NEW YORK -- A fourth straight day of NHL labor talks failed to bring the league and its locked-out players any closer to a deal that would put hockey back on the ice and save the season.

In fact, the gap between the fighting factions might have gotten even wider on a failed Friday.

After three consecutive seemingly positive days of talks this week, discussions turned a bit sour when negotiations ended for the night. The union was under the impression the numbers suggested they were nearer to an agreement with the league. NHL Commissioner Gary Bettman disagreed.

"Gary made a comment (Thursday) that there is still a lot of work to do. I think, given today's session, there is still a lot of work to do," Fehr said. "We looked at some of the numbers on the various proposals and we thought we were much closer together on the structure of a deal than the suggestions were. They came back to us and said, `No, we are very very far apart on the structure of the deal."

There were vocal disagreements at the end of the session, and the union team went back to its office to hold a conference call with the executive board and other players. The union is beginning to feel that the NHL isn't ready to make a deal now, even if the players were suddenly willing to accept the league's offer in full -- which they are not.

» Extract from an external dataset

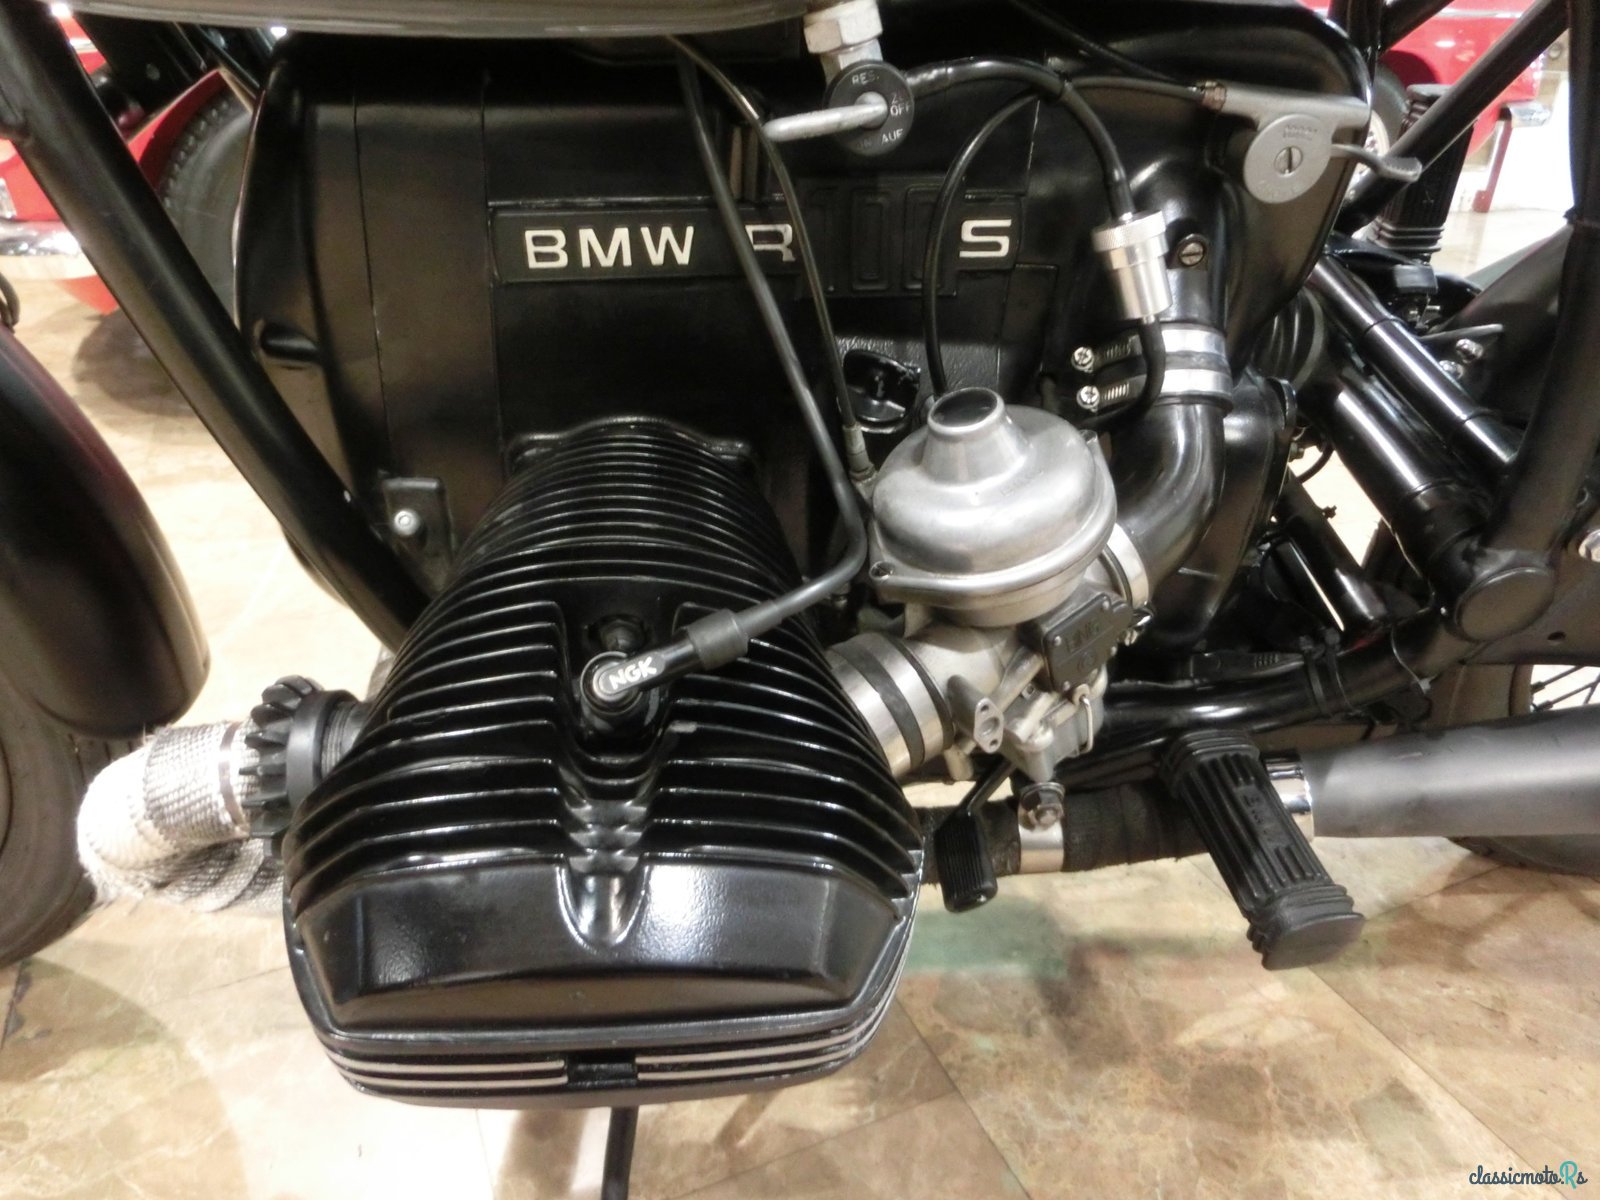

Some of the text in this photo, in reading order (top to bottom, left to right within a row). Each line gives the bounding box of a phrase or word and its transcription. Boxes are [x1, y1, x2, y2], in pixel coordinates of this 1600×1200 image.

Bettman declined to reveal what was discussed or where the disagreements lie. He also wouldn't characterize the mood of the talks.

Fehr said he expects the sides will get back together Saturday, but there is no way to gauge what the feeling in the room will be when they get there.

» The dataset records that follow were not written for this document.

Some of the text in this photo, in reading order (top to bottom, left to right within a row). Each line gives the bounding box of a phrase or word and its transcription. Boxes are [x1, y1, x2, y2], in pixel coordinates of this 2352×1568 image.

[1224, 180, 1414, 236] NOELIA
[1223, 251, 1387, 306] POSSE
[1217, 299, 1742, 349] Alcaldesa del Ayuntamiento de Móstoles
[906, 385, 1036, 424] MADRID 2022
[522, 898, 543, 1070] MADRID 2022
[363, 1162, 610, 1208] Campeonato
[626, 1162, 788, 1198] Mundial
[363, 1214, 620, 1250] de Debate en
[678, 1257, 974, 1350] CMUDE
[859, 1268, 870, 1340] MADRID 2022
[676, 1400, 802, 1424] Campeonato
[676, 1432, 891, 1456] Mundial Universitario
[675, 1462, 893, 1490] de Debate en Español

The union also fought to put out internal fires on Friday after a memo to players summarizing Thursday's negotiations was leaked to the media. That led to suggestions that the players' association didn't fully convey the owners' most recent proposal to its membership accurately or completely.

Fehr sternly shot down the report as false, if for no other reason that there were players present at the negotiations when the offer was put forward.

Players made a pair of proposals Wednesday, and the NHL responded with one Thursday. No new official offers were exchanged Friday, but there was give and take during discussions throughout the day. The last of three sessions centered on the core economic issues keeping the sides apart, and it broke up after about two hours.

Bettman said the league is ready to continue talking as soon as the union wants.

The 55-day-old lockout has already caused the league to call off 327 regular-season games, including the New Year's Day Winter Classic in Michigan, and the NHL has said a full season won't be played. The league is in danger of having a lockout wipe out a full season for the second time in seven years.

Bettman is scheduled to attend Hockey Hall of Fame inductions Monday night in Toronto, but developments in negotiations could prevent that.

The lockout began Sept. 16 after the collective bargaining agreement expired, and both sides rejected proposals Oct. 18. The players' association has agreed to a 50-50 split of hockey-related revenues, but that division wouldn't kick in until the third year of the deal.

During a second consecutive day of marathon negotiations Wednesday, the players' association made an offer on revenue sharing in which richer teams would help out poorer organizations, and another proposal regarding the "make-whole" provision that would guarantee full payment of all existing multiyear player contracts.

Revenue sharing and the make-whole provision are major hurdles. Both sides have made proposals that included a 50-50 split of hockey-related revenues. The NHL has moved toward the players' side on the "make-whole" provision and whose share of the economic pie that money will come from.

The NHLPA estimates that about $590 million is needed to guarantee the amount left to be paid to players on the "make-whole" provision, but so far the league is only offering $211 million.

Along with the split of hockey-related revenue and other core economic issues, the sides must also agree on contract lengths, arbitration and free agency.

The union accepted a salary cap in the previous labor pact, which wasn't reached until after the entire 2004-05 season was canceled because of a lockout. The union doesn't want to absorb the majority of concessions this time after the NHL had record revenue that exceeded $3 billion last season.

Players believe that dropping their share of hockey-related revenue from 57 percent to 50 percent is already a major concession on their part.